Aims The Mediterranean fruit fly (the medfly) causes major losses of agricultural fruits. Its microbiome is mainly composed of various Enterobacteriaceae that contribute to nutrient acquisition and are associated with the fly's development. Moreover, the performance of males produced by the sterile insect technique is improved by providing mass-reared insects with specific gut bacteria. Bdellovibrio and like organisms (BALOs) are obligate predators of Gram-negative bacteria that efficiently preys upon diverse Enterobacteriaceae, making it a potential disruptor of the fly's microbiome. We hypothesized that the fly's microbiome can be targeted to control the insect.

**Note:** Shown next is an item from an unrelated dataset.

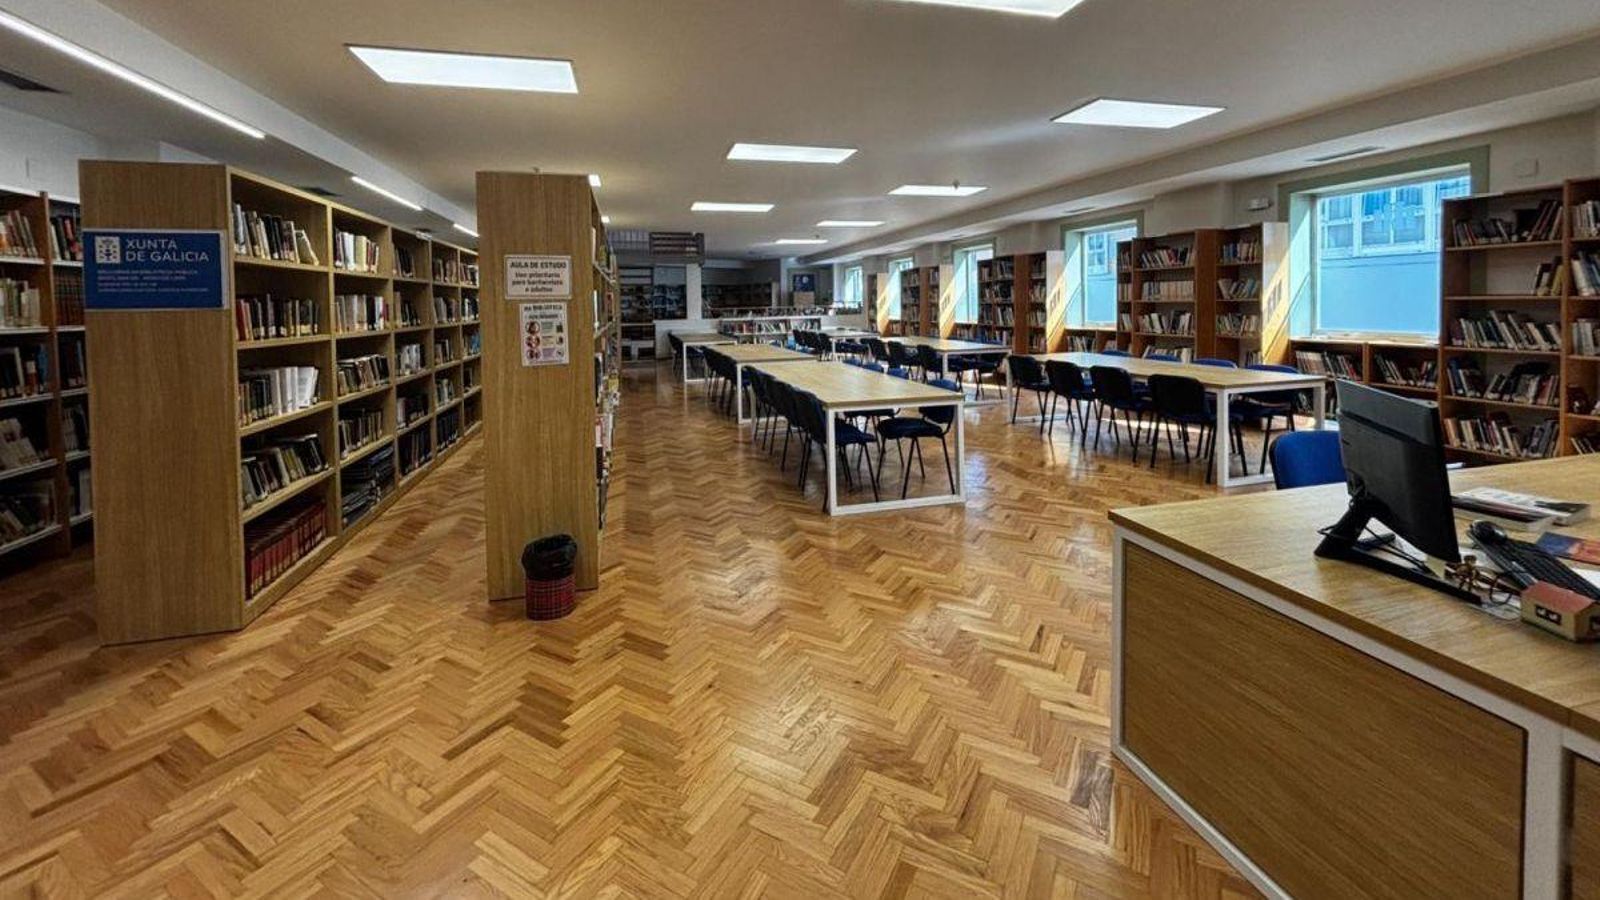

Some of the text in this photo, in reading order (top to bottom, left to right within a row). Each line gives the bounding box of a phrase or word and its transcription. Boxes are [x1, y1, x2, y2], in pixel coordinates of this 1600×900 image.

Methods and Results Inoculation of B. bacteriovorus as free-swimming or encapsulated cells into gut extracts significantly reduced gut bacterial abundance, sustaining predator survival. Similar treatments applied to adult flies showed that the predators also survived in the gut environment. While addition of the predators did not affect total gut bacterial abundance and end-point fly mortality, a shift in the gut community structure, measured by high-throughput community sequencing was observed. Conclusions The bacterial predator of bacteria B. bacteriovorus can prey and survive in vivo in the medfly gut. Significance and Impact of the Study This study establishes the potential of BALOs to affect the microbiome of insect hosts.